TASK INSTRUCTIONS -
Below are records; write all of them out exactly.

Stored data entries -

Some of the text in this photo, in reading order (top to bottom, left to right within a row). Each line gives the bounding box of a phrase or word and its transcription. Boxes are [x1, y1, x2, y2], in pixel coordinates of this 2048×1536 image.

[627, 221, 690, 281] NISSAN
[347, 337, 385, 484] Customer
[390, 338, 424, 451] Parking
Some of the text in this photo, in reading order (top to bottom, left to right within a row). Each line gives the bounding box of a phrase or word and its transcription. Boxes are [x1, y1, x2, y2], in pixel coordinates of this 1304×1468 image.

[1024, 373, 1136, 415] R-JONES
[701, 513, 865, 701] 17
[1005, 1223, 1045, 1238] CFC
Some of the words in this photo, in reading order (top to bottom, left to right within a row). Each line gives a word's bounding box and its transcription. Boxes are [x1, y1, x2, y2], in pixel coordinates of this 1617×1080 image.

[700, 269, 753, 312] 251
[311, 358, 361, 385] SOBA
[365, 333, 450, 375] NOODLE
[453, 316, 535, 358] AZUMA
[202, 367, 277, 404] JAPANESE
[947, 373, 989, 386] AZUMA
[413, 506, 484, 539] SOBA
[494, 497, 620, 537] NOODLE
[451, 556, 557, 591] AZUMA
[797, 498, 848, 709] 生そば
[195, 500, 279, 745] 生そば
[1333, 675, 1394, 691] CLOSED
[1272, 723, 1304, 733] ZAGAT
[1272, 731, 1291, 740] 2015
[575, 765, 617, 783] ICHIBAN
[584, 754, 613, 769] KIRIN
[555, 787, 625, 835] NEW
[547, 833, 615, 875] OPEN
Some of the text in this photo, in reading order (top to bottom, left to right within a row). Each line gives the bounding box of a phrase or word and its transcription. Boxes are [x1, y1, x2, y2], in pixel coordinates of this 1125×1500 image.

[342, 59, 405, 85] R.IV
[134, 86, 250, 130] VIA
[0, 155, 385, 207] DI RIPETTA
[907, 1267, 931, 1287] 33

SOLUTION FOR THIS TASK -
Some of the text in this photo, in reading order (top to bottom, left to right within a row). Each line gives the bounding box of a phrase or word and its transcription. Boxes are [x1, y1, x2, y2], in pixel coordinates of this 2048×1536 image.

[627, 221, 690, 281] NISSAN
[347, 337, 385, 484] Customer
[390, 338, 424, 451] Parking
Some of the text in this photo, in reading order (top to bottom, left to right within a row). Each line gives the bounding box of a phrase or word and its transcription. Boxes are [x1, y1, x2, y2], in pixel coordinates of this 1304×1468 image.

[1024, 373, 1136, 415] R-JONES
[701, 513, 865, 701] 17
[1005, 1223, 1045, 1238] CFC
Some of the words in this photo, in reading order (top to bottom, left to right within a row). Each line gives a word's bounding box and its transcription. Boxes are [x1, y1, x2, y2], in pixel coordinates of this 1617×1080 image.

[700, 269, 753, 312] 251
[311, 358, 361, 385] SOBA
[365, 333, 450, 375] NOODLE
[453, 316, 535, 358] AZUMA
[202, 367, 277, 404] JAPANESE
[947, 373, 989, 386] AZUMA
[413, 506, 484, 539] SOBA
[494, 497, 620, 537] NOODLE
[451, 556, 557, 591] AZUMA
[797, 498, 848, 709] 生そば
[195, 500, 279, 745] 生そば
[1333, 675, 1394, 691] CLOSED
[1272, 723, 1304, 733] ZAGAT
[1272, 731, 1291, 740] 2015
[575, 765, 617, 783] ICHIBAN
[584, 754, 613, 769] KIRIN
[555, 787, 625, 835] NEW
[547, 833, 615, 875] OPEN
Some of the text in this photo, in reading order (top to bottom, left to right within a row). Each line gives the bounding box of a phrase or word and its transcription. Boxes are [x1, y1, x2, y2], in pixel coordinates of this 1125×1500 image.

[342, 59, 405, 85] R.IV
[134, 86, 250, 130] VIA
[0, 155, 385, 207] DI RIPETTA
[907, 1267, 931, 1287] 33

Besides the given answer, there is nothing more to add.